Tourniquets carried on the first responder are designed to manage one casualty, either for the first responder themselves or a single victim. In general, EMS systems that carry tourniquets may have one or two in a standard duty or trauma bag.

Once again, we’ve learned through multiple mass casualty incidents (MCIs), such as the Reno Air Races disaster in 2011, that this is simply not enough. The result of the Reno crash was 15 immediate amputations that had to be managed with only a few commercially available tourniquets available. Some systems have deployed larger caches of tourniquets and hemostatic dressings with command vehicles or EMS supervisors. This may be a cost effective, but its operational efficacy is highly dependent on the distribution of these units in the coverage area.
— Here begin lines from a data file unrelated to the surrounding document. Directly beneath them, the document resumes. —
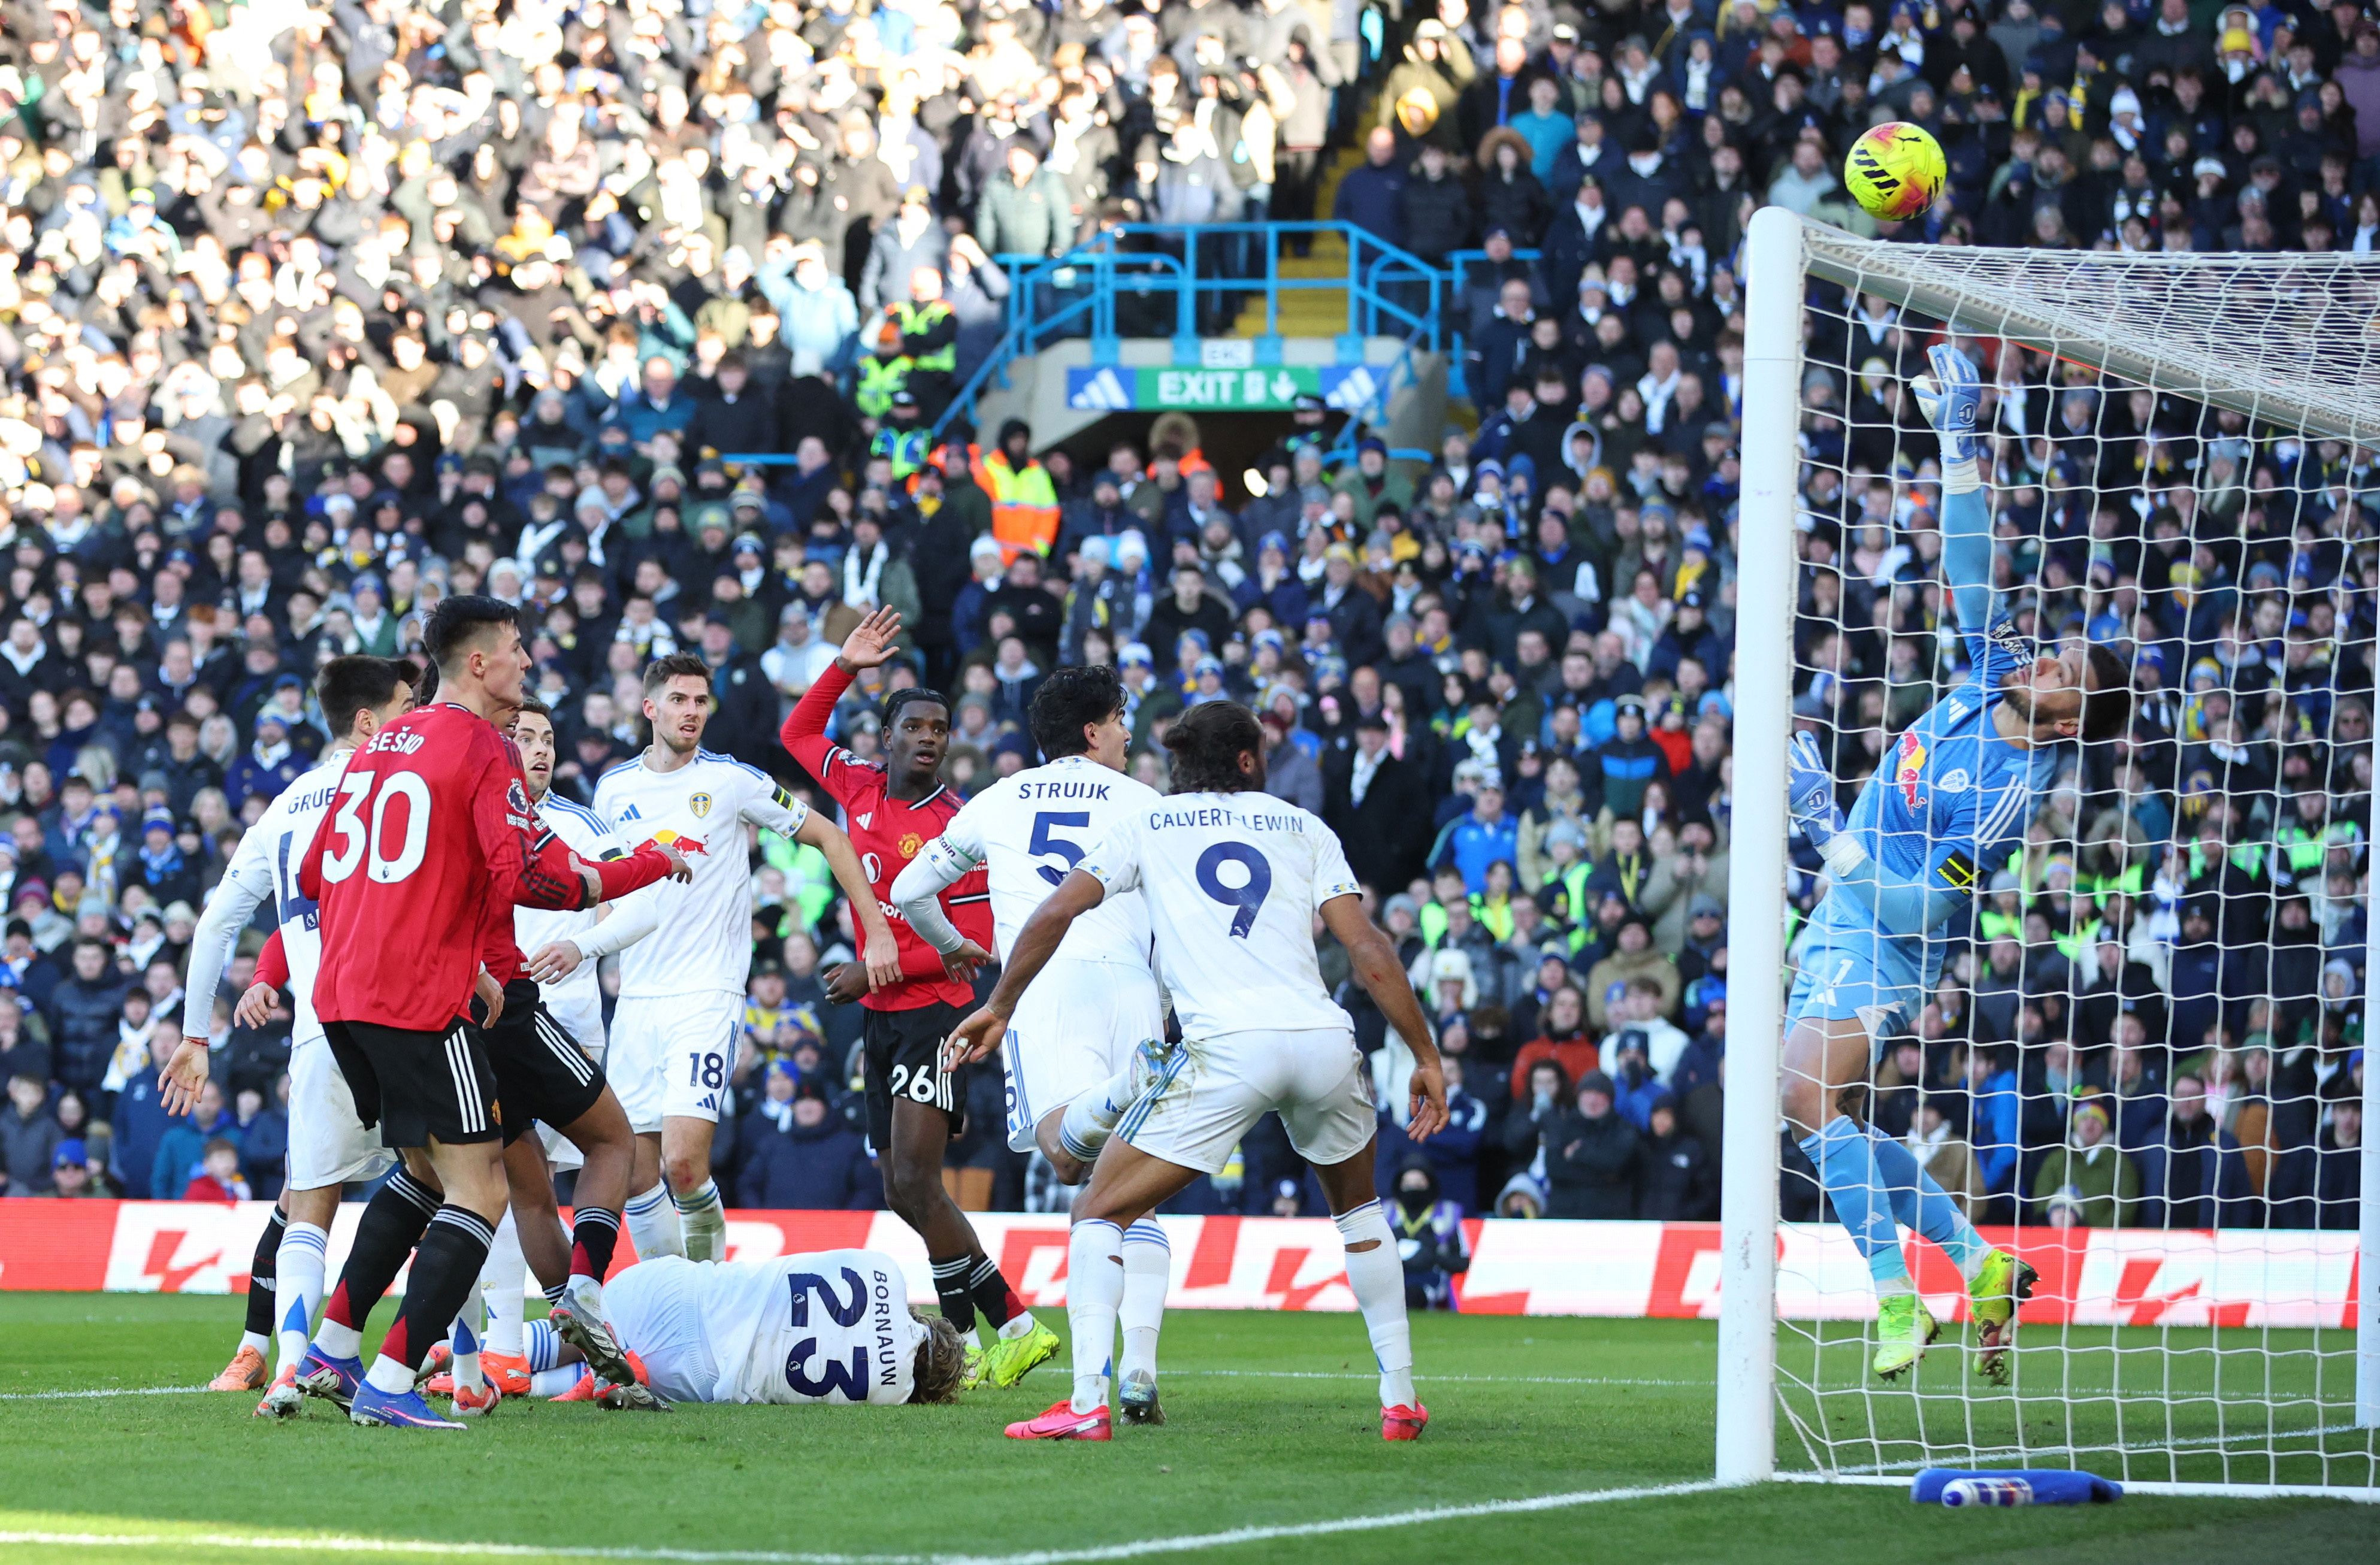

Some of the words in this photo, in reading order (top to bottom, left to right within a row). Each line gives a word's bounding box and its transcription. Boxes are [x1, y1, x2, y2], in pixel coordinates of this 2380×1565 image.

[1158, 371, 1239, 404] EXIT
[1018, 782, 1111, 801] STRUIJK
[322, 771, 431, 884] 30
[1150, 808, 1303, 833] CALVERT-LEWIN
[1028, 812, 1090, 886] 5
[1196, 841, 1271, 939] 9
[1831, 959, 1855, 987] 1
[689, 1052, 724, 1089] 18
[891, 1064, 936, 1103] 26
[785, 1266, 869, 1401] 23
[873, 1269, 896, 1387] BORNAUW
As a guide, consider that a two-person ambulance crew may be able to effectively triage and initially manage 5-10 patients depending on severity of injuries in an MCI. Therefore, a five ambulance response with an EMS supervisor may be able to initially manage 50-100 casualties. Although transport and definitive management will require substantially more resources, it’s essential that each unit have enough equipment for initial management of an appropriate volume of casualties. Each ambulance would need 10-20 tourniquets, and each EMS supervisor or command vehicle would need 20-40. It’s important to note that while IFAKs require tourniquets that can be applied with a single hand, tourniquets for MCIs don’t depend on this feature, which often means they’re less expensive.

Be Prepared & Ready

MCIs have become a new normal for us in the United States, and no jurisdiction is immune from this possibility. We’re no longer in an age where we can excuse lack of foresight and preparation for these types of emergencies. Learn from what so many other communities have faced and ensure your service is ready to answer the call.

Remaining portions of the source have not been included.